そんなことを思い出しつつ,2年ぶりのクロムモリブデンのロビーで物販を買い求めていました。物販のサントラは2パターンあって開演前のBGM集と,本編のBGMの2パターン。何とオリジナルの切手シートも販売されています。パンプレットは珍しいA5サイズ。それから本公演の台本とかなり充実しています*2。これらを買い求めつつ過去公演のDVDを2つ買い求めました。もちろん,研究室置きします。

そうこうしている間に開場時間となりまして,今日は客席の後方であるK列の8番というところで観劇に臨みました。この劇場は,座席の座面下にフライヤーの収納スペースがあって,とてもスマートな感じがして嬉しくなります*3

では,ネタバレ防止のために改行のおまじないを行います。

 

 

 

 

 

 

 

 

 

 

 

 

 

 

液晶ばかり見ていると、目も心も乾燥してしまってマシンになる。 それで無理矢理人々は眼から液体を流そうとする。 泣ける話を目薬のように入れるのさ。しかし人工的な話はなかなか泣けない。 何が泣ける事なのか余計にわからなくなってマシンになる。 マシン人間やアンドロイドはアンディーと呼ばれてる。アンディーはドラッグでもある。 撲滅運動も開始された。でも、鳥になれば楽に飛べるのさ。鳥になれば。

上記の引用は今回の公演に書かれているリード文です。劇団Webページを見ても,どのような話か分からないようになっていて,ナゾが深まるばかりです。今回,物販で台本を買い求めることができたので,記憶を辿りながら,ほんの少しだけ冒頭の所だけ,ストーリーを追いたいと思います。

舞台はスチームが下手天井付近から吹き出す,工場のような薄暗い空間から始まります。刑務官林田が,主人公である奥寺に声をかけ,言葉のやりとりが始まります。

このコミュニケーションが非常に特徴的で,言うなれば伝説のハナモゲラ語を3倍速にした感じの,意味があるのかないのかがさっぱり分からないけれども,勢いで「※★△*×,パシュッ!」とテンポ良く,それも身振り手振りと共に発せられていて,最初は驚きますが,だんだん目が離せなくなる不思議なコミュニーションが行われていきます。

なお,台本には全くこの不思議な言語の記載がないので,詳細は舞台上もしくは今後発売されるであろうDVDでご確認いただくことを強くお勧めしたいと思います。訳分からないのですが,ただただ面白いのです。

さて,物語は奥寺が刑務官である林田から,独房に入れられている常滑川について,これから脱走するだろうから,手助けしてやれ,そしてスパイしろ,泳がせておいて,悪事を暴いてやるんだと指示を出します。まあ,荒唐無稽かつ,いきなり物語が転がり出します。
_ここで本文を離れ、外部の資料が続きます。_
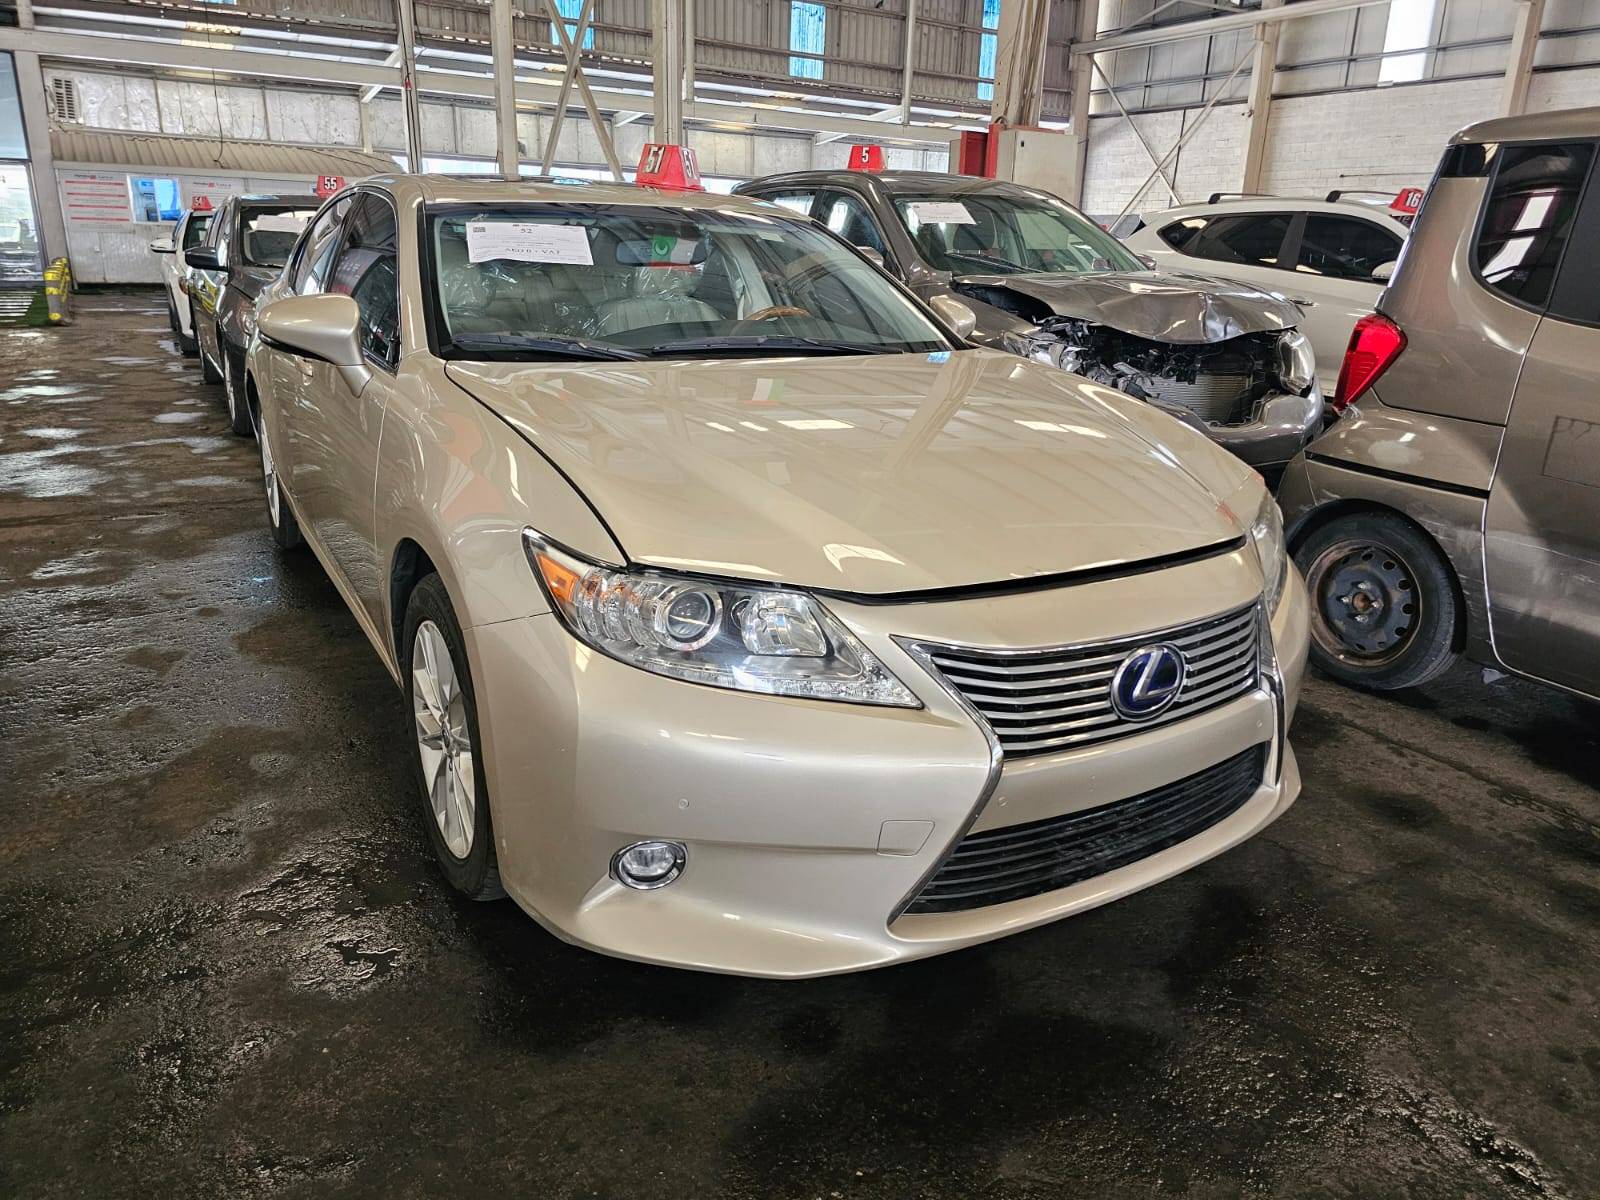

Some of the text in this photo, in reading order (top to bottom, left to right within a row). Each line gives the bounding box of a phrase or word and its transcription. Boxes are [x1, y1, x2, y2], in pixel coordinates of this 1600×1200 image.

[644, 145, 665, 174] 51
[862, 146, 870, 163] 5
[324, 176, 337, 190] 55
[1406, 191, 1421, 208] 16
ところがこのスパイもあっけなく,潜入先で奥寺が流されていくことで,二重スパイになってみたり,警備員をやっていたはずなのに在宅勤務になってみたり(笑),訳が分からないうちに,訳が分からない人がダース単位で出てくる始末であります。

ただ,これらは全てアンディーというドラッグが見せていた奥寺の幻覚であるということが中盤あたりから分かってきます。当初はただの混沌,カオス空間かと思いきや,実はなぜ奥寺がドラッグに流されなければいけなかったのかが判明し,そして奥寺がなぜ感情を露わにすることがないのかも明らかになっていきます。

このあたりの物語が転がる様は,演劇の面白さだと思いますので,詳細は劇場でご確認ください。以下,感想です。

個人的には,意味のあるなしがどうでもよくなる擬音とメリハリのある動きがとても楽しかったです。意味の分からない言葉でも切れの良いキャッチングが舞台のあちこちで披露されたら,こんなに自分はワクワクしてしまうのだということを認識することができました(笑)。また,擬音のところどころがコテコテのギャグを挟んでくるのですが,こういうのは大好物です。

おそらく熱に浮かされた時に,表面上は苦しみながら脳内ではこんな光景が入り乱れているのだろうなぁと思う奇妙な空間がありました。最初の段階では何だこれと思っていた私も,最後はその空間が去りがたくなる親しみを覚えました。 まさに謎の高揚感がそこにありました。

個人的にはリキッドを点した後の無意味から意味のある言葉へ,少しずつ切り替わる唱和が照明や音響と合わさって,きれいな空間を描いていて,とても好みでした。あのシーンはDVDでどんな感じになるのだろうかと今から楽しみです。

キャストさんの中では,お目当ての奥田ワレタさんのクレイジーっぷりを堪能いたしましたし,TRUMP以来の森下亮さんの本領発揮の壊れっぷりも拝見できて大満足でした。あと,ハル子役の渡邉とかげさんの奥様っぷりが可愛らしくて美しくて強く印象に残りました。でも,どこかスッポリ抜け落ちている感じはやはりこの物語に出てくる全ての役に共通した要素なのかなとも思いました。

東京公演はこの後,5月22日(日)まで。そして大阪公演は6月2日(木)から6月5日まで梅田のHEP HALLで行われます。あんまり考えこまずに,奇妙な世界に浸かってくる楽しみがあると思います。ぜひ機会があればご覧になってみてください。ではっ。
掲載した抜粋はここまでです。